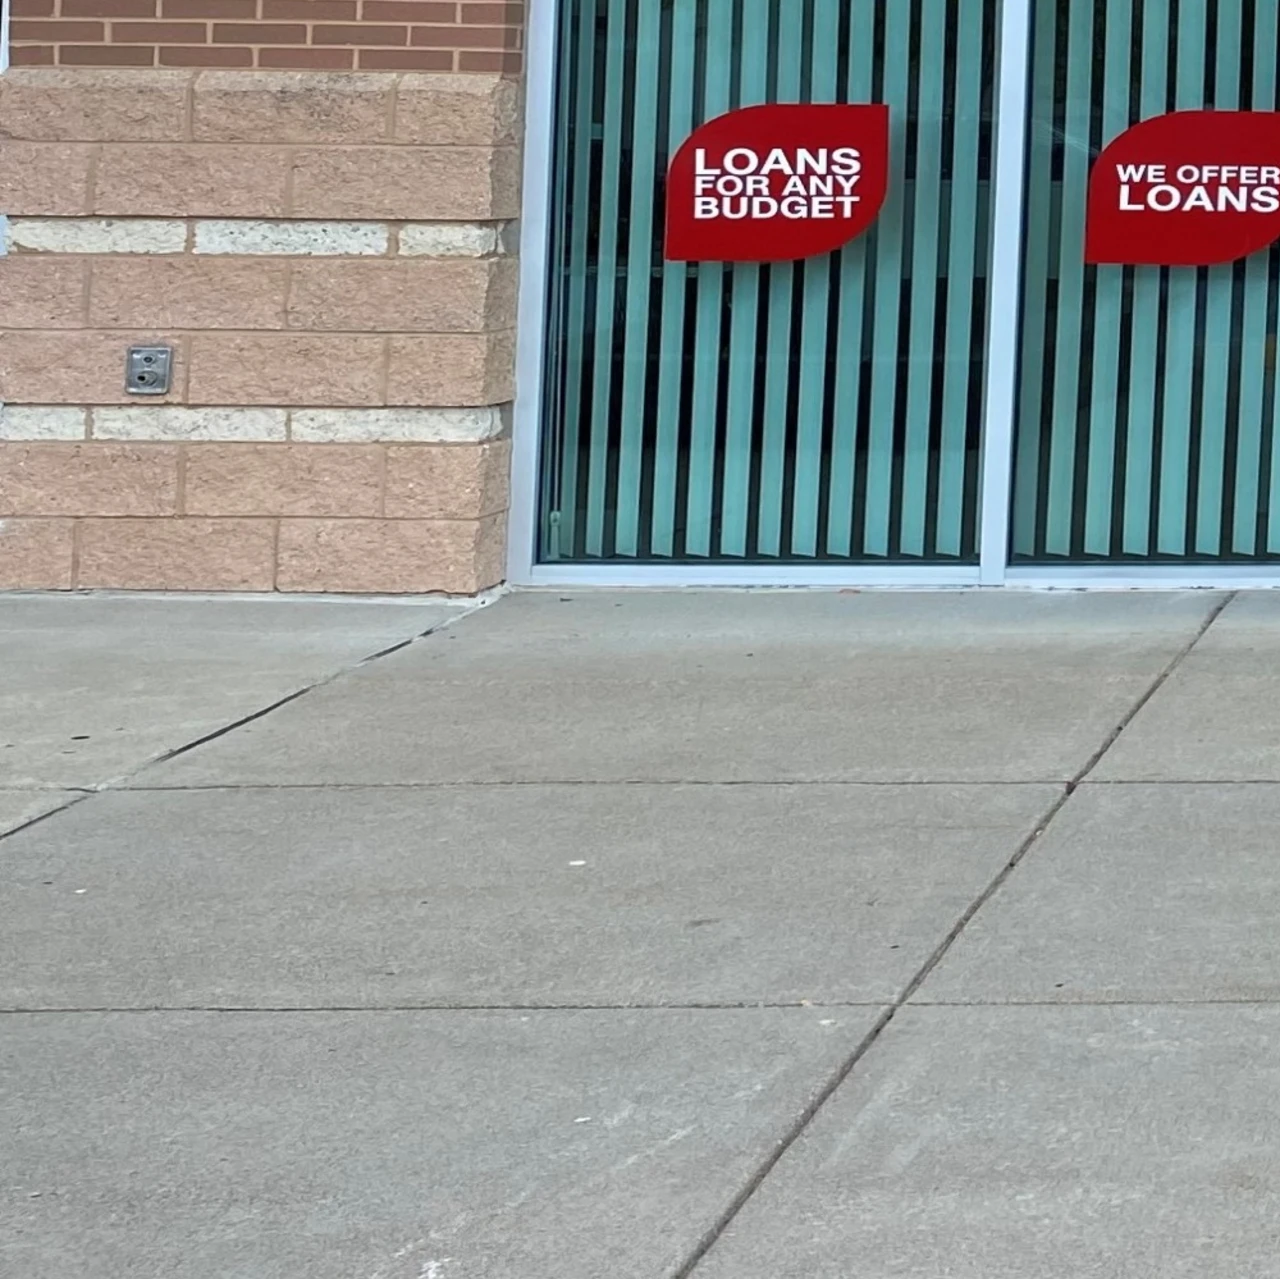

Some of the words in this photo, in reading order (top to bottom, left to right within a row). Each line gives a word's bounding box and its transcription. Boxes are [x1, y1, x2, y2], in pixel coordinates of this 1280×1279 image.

[694, 147, 862, 176] LOANS
[694, 175, 769, 196] FOR
[780, 175, 860, 197] ANY
[1116, 163, 1164, 184] WE
[1175, 164, 1280, 186] OFFER
[693, 194, 861, 219] BUDGET
[1118, 184, 1280, 214] LOANS
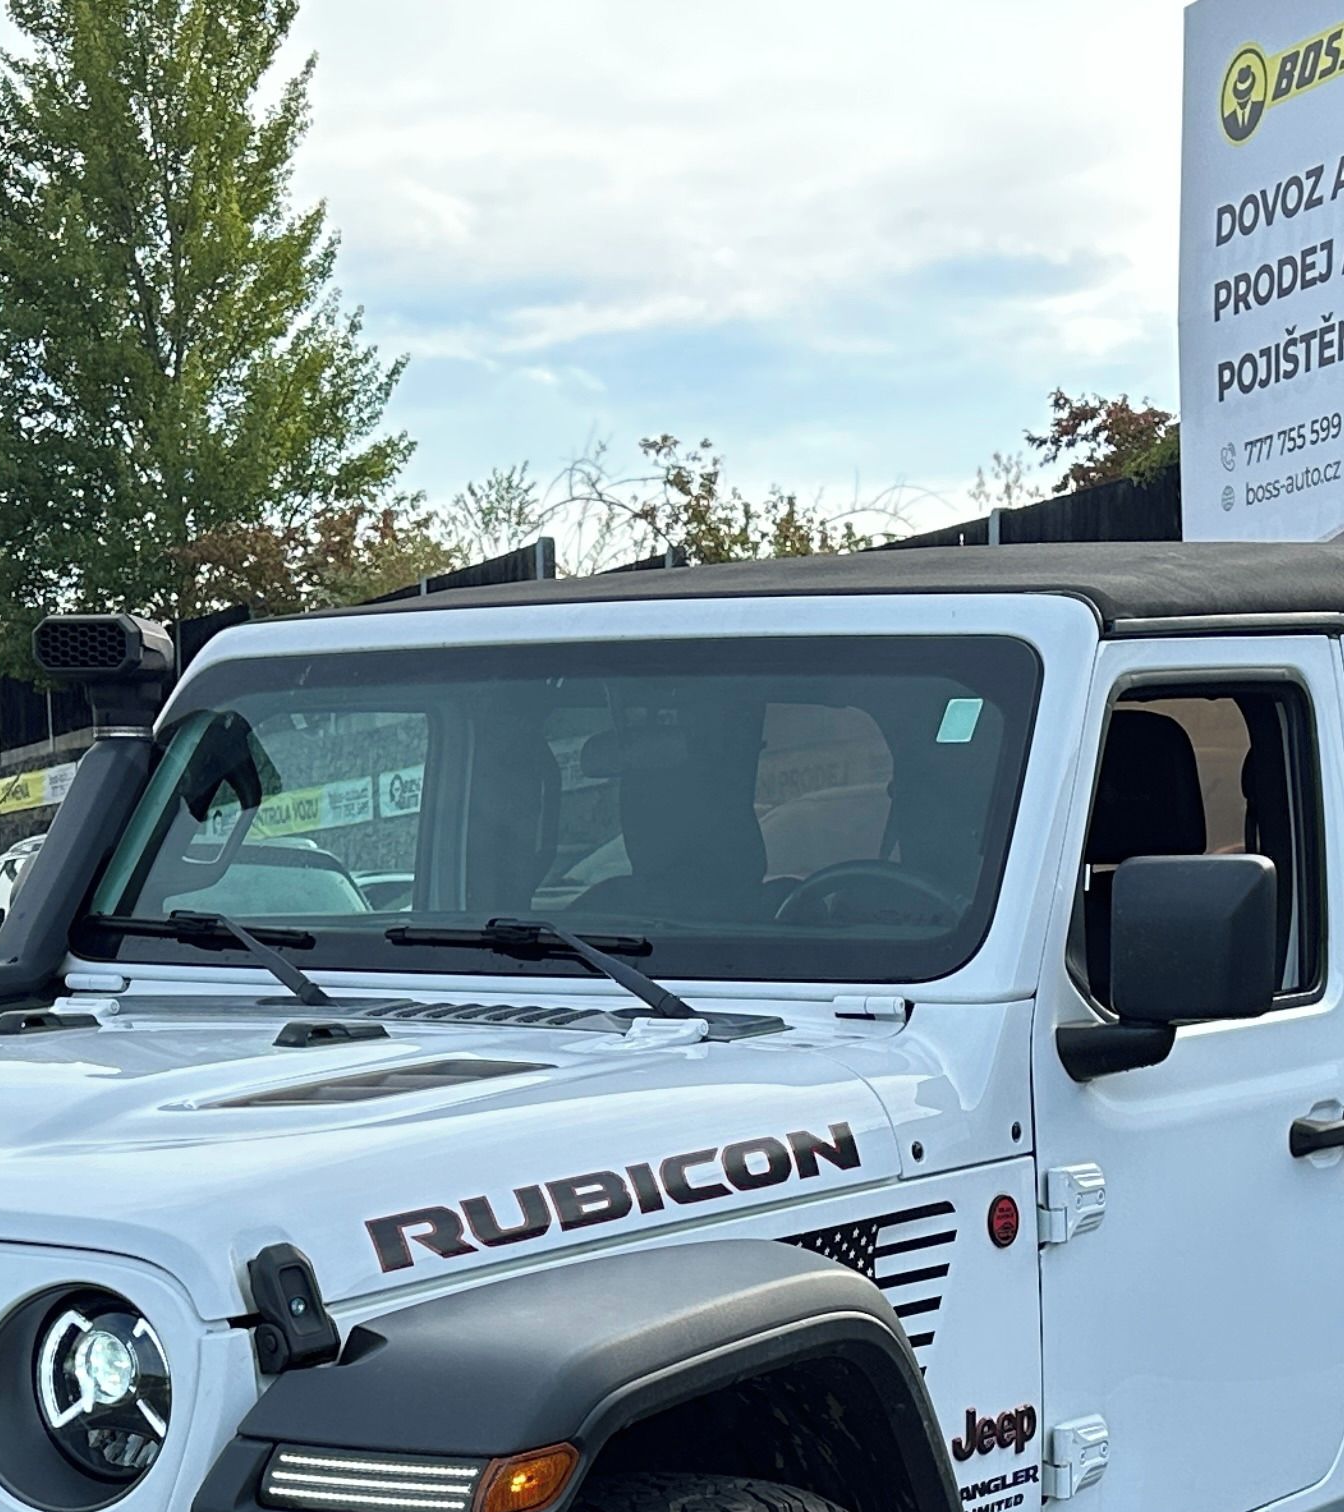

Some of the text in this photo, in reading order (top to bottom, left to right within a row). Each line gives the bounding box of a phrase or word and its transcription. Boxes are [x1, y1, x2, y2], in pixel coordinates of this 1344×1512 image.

[1215, 164, 1324, 247] DOVOZ
[1213, 238, 1334, 322] PRODEJ
[1244, 412, 1342, 466] 777 755 599
[1245, 460, 1342, 506] boss-auto.cz
[364, 1121, 861, 1273] RUBICON
[952, 1404, 1037, 1461] Jeep
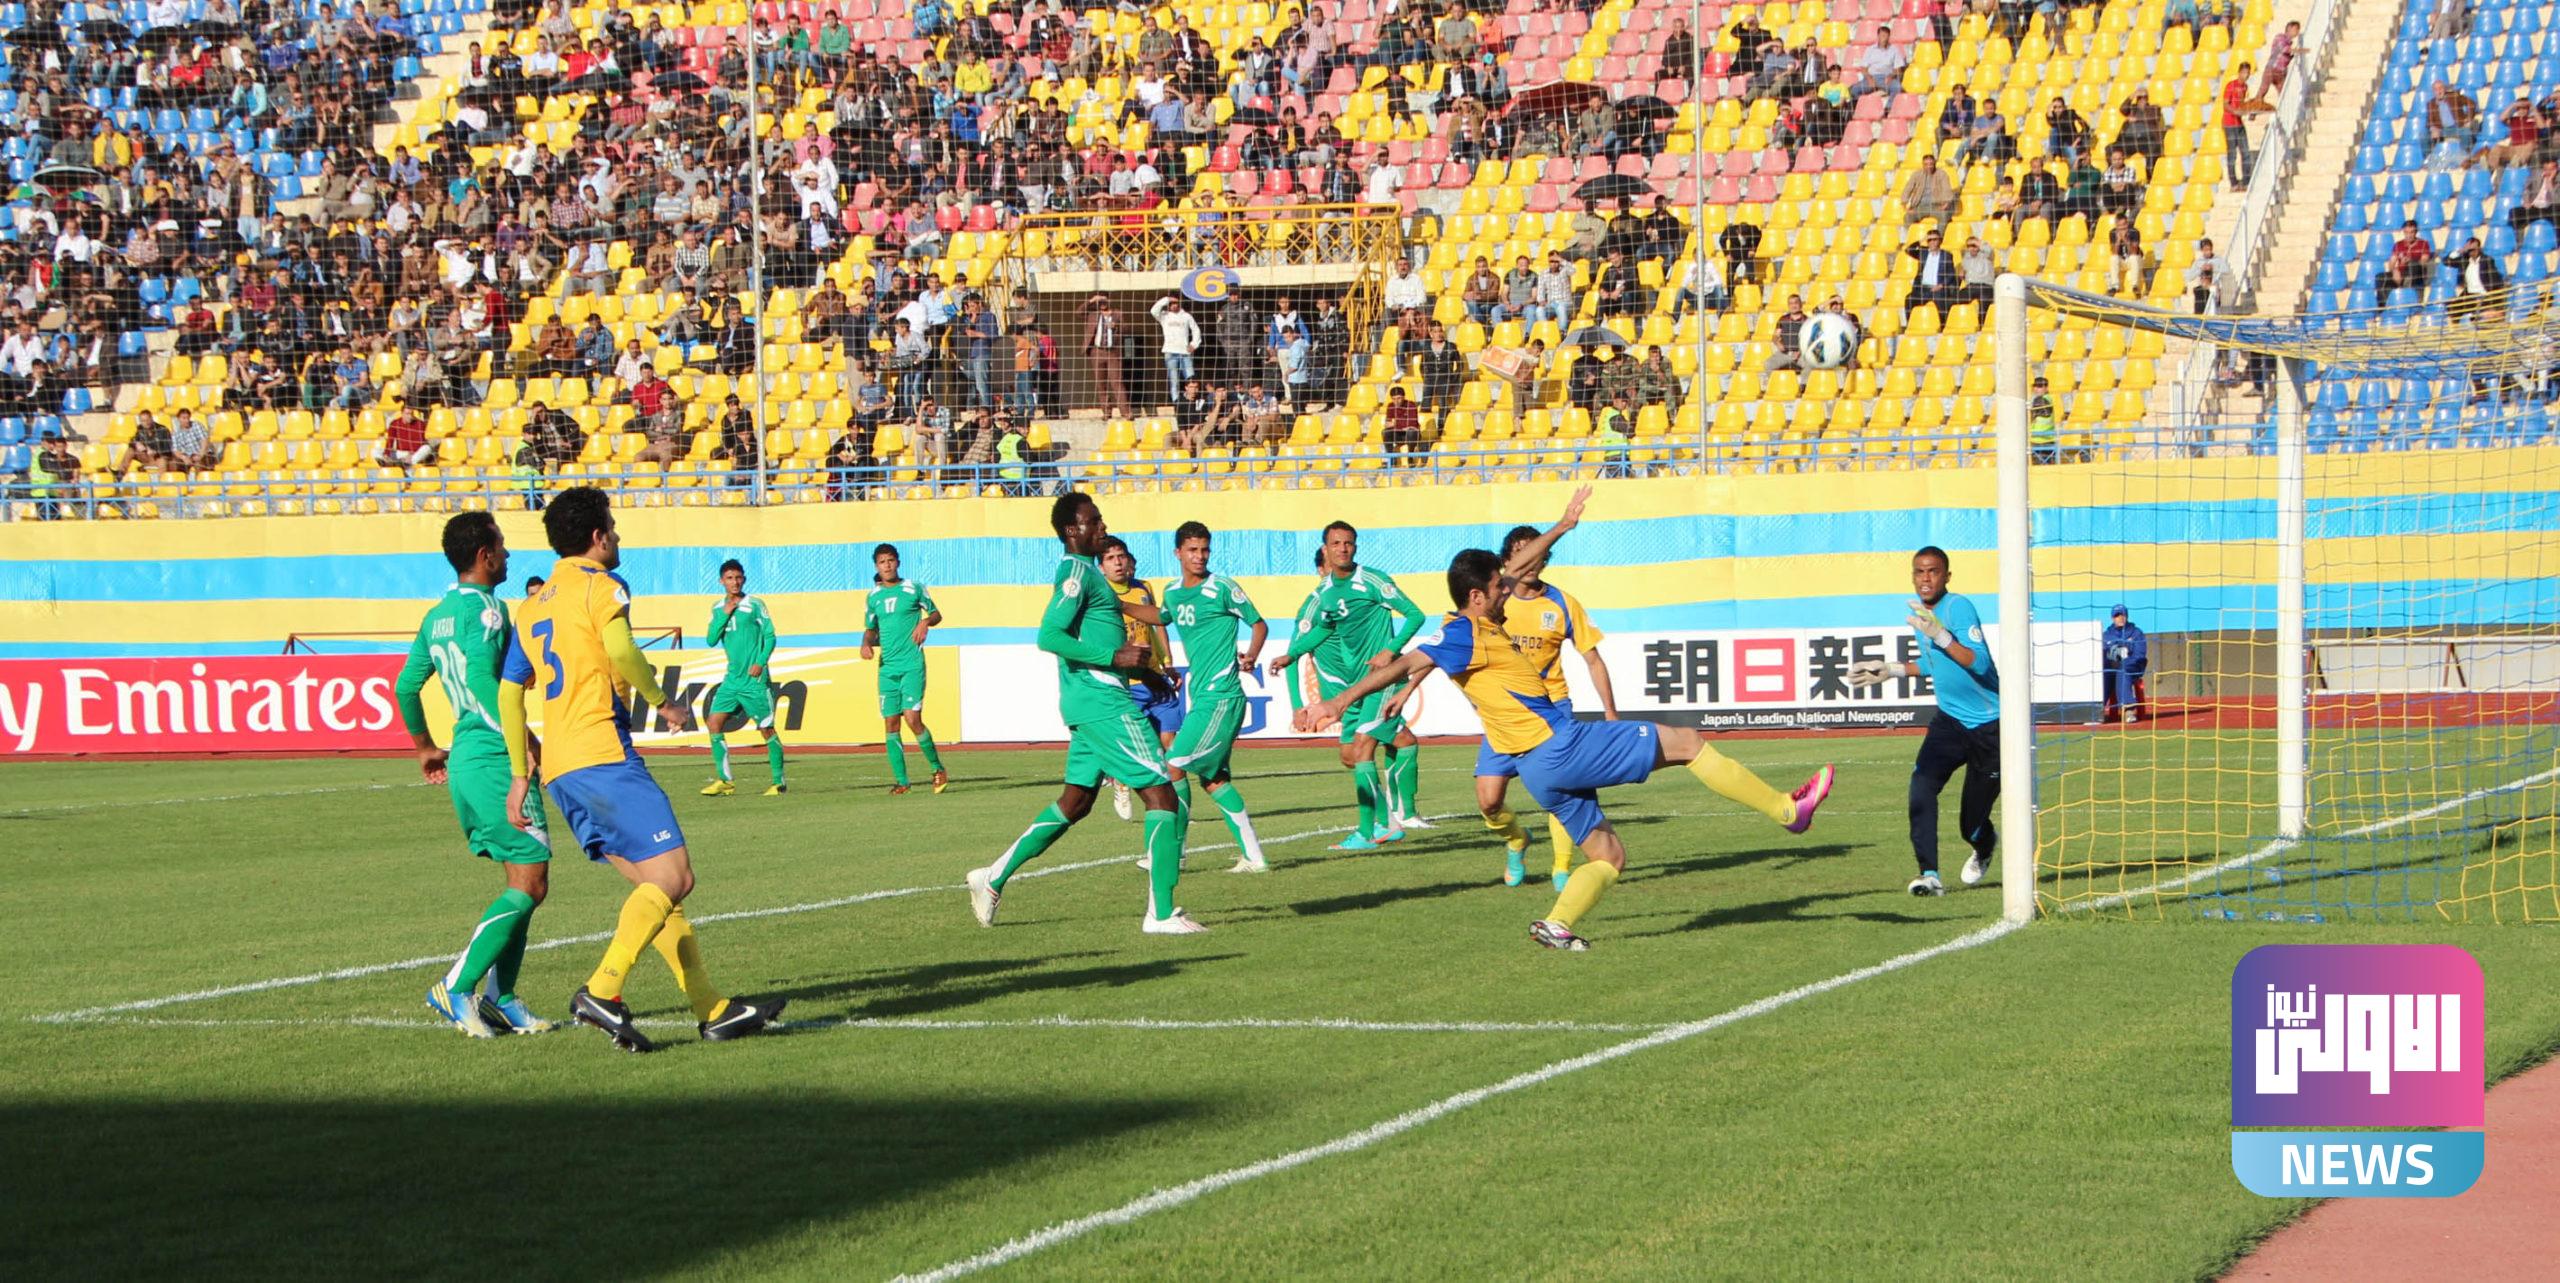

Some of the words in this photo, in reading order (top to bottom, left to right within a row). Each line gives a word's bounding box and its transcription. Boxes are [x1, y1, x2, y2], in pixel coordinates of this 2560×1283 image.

[1194, 269, 1227, 298] 6
[884, 597, 898, 614] 17
[1176, 603, 1196, 627] 26
[531, 618, 565, 701] 3
[60, 662, 394, 736] Emirates
[1701, 712, 1745, 728] Japan's
[1747, 712, 1794, 726] Leading
[1796, 711, 1845, 724] National
[1848, 709, 1915, 723] Newspaper

» **Task to carry out**:
Each line above should be output exactly, apart from the pictures.

» **Output below**:
Some of the words in this photo, in reading order (top to bottom, left to right within a row). Each line gives a word's bounding box and its transcription. Boxes are [x1, y1, x2, y2], in pixel coordinates of this 1280×1279 image.

[694, 147, 862, 176] LOANS
[694, 175, 769, 196] FOR
[780, 175, 860, 197] ANY
[1116, 163, 1164, 184] WE
[1175, 164, 1280, 186] OFFER
[693, 194, 861, 219] BUDGET
[1118, 184, 1280, 214] LOANS

Some of the text in this photo, in reading order (top to bottom, left to right within a row). Each line gives the bounding box of a phrase or word and its transcription. Boxes are [x1, y1, x2, y2], in pixel coordinates of this 1344×1512 image.

[1215, 164, 1324, 247] DOVOZ
[1213, 238, 1334, 322] PRODEJ
[1244, 412, 1342, 466] 777 755 599
[1245, 460, 1342, 506] boss-auto.cz
[364, 1121, 861, 1273] RUBICON
[952, 1404, 1037, 1461] Jeep

Some of the words in this photo, in reading order (top to bottom, left to right within a row). Each line gives a word's bounding box and its transcription. Boxes are [x1, y1, x2, y2], in pixel coordinates of this 2560×1283 image.

[1194, 269, 1227, 298] 6
[884, 597, 898, 614] 17
[1176, 603, 1196, 627] 26
[531, 618, 565, 701] 3
[60, 662, 394, 736] Emirates
[1701, 712, 1745, 728] Japan's
[1747, 712, 1794, 726] Leading
[1796, 711, 1845, 724] National
[1848, 709, 1915, 723] Newspaper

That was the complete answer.